**DATASET EXCERPTS**
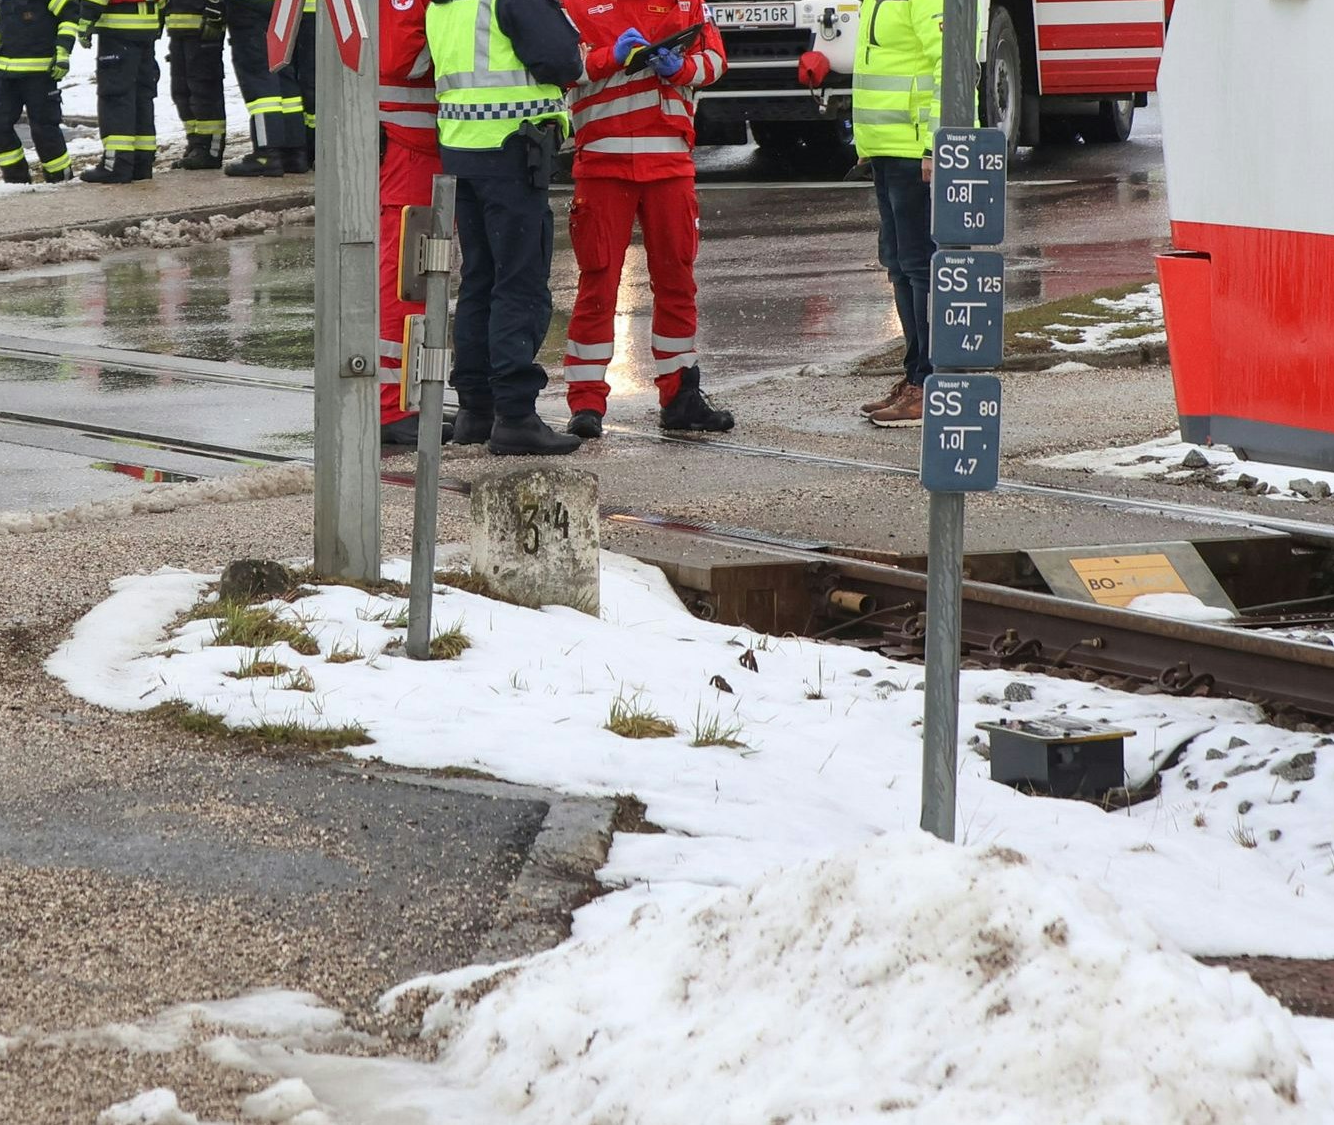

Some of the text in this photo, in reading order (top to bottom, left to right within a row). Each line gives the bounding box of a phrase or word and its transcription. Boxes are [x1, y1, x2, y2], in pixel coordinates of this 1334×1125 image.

[716, 9, 734, 23] FW
[745, 7, 788, 23] 251GR
[969, 134, 976, 142] Nr
[939, 144, 1003, 170] SS 125
[963, 212, 985, 228] 5,0
[967, 257, 974, 265] Nr
[937, 267, 1002, 292] SS 125
[961, 334, 983, 351] 4,7
[937, 380, 970, 388] Wasser Nr
[929, 391, 998, 416] SS 80
[954, 458, 978, 475] 4,7
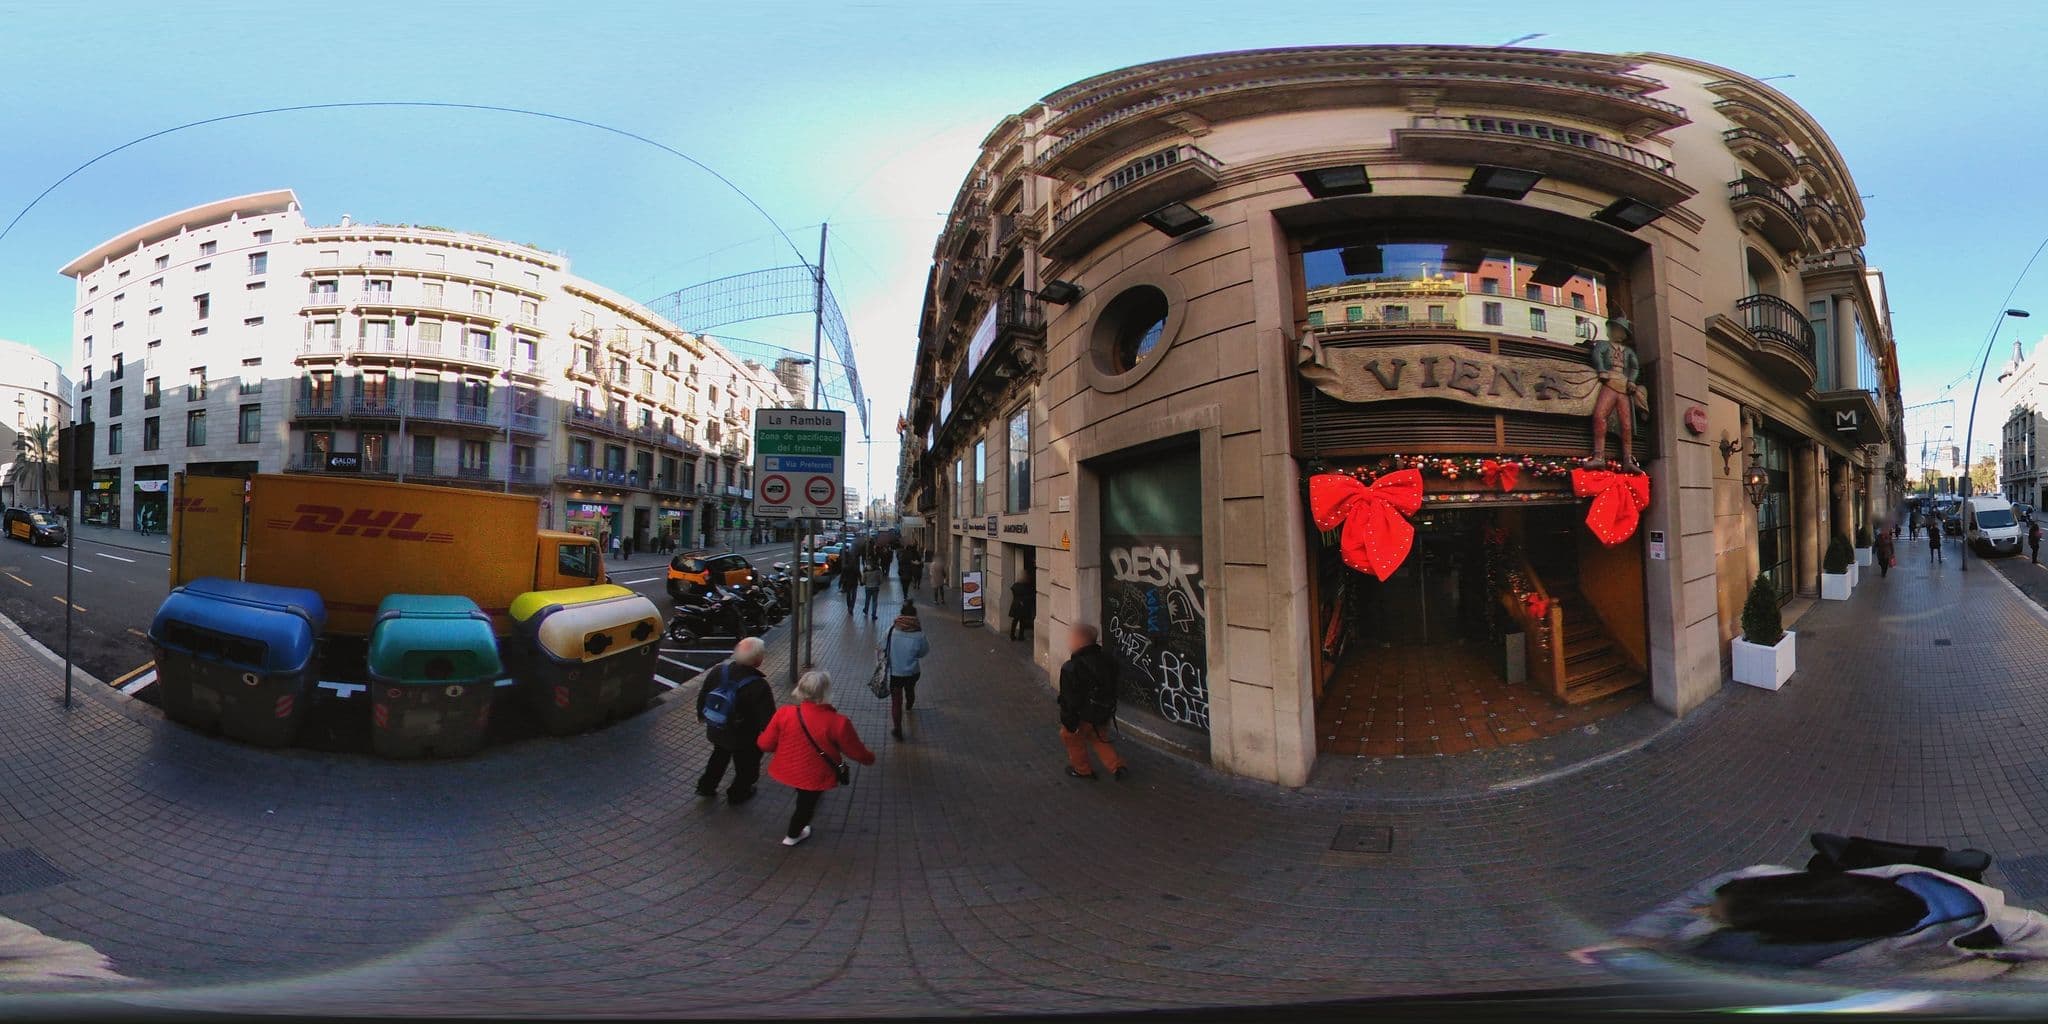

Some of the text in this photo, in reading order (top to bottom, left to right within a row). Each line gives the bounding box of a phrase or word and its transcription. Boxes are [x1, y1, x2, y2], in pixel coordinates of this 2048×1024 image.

[1364, 355, 1572, 400] VIENA
[769, 415, 832, 426] La Rambla
[760, 432, 779, 440] Zona
[777, 444, 790, 452] del
[289, 503, 429, 542] DHL

**AIM OF THE TASK**
Could all the data above be given again exactly, leaving out its images?

**RESULT FOR THIS TASK**
Some of the text in this photo, in reading order (top to bottom, left to right within a row). Each line gives the bounding box of a phrase or word and its transcription. Boxes are [x1, y1, x2, y2], in pixel coordinates of this 1334×1125 image.

[716, 9, 734, 23] FW
[745, 7, 788, 23] 251GR
[969, 134, 976, 142] Nr
[939, 144, 1003, 170] SS 125
[963, 212, 985, 228] 5,0
[967, 257, 974, 265] Nr
[937, 267, 1002, 292] SS 125
[961, 334, 983, 351] 4,7
[937, 380, 970, 388] Wasser Nr
[929, 391, 998, 416] SS 80
[954, 458, 978, 475] 4,7

Some of the text in this photo, in reading order (top to bottom, left to right within a row). Each line gives the bounding box of a phrase or word and its transcription. Boxes are [x1, y1, x2, y2], in pixel coordinates of this 2048×1024 image.

[1364, 355, 1572, 400] VIENA
[769, 415, 832, 426] La Rambla
[760, 432, 779, 440] Zona
[777, 444, 790, 452] del
[289, 503, 429, 542] DHL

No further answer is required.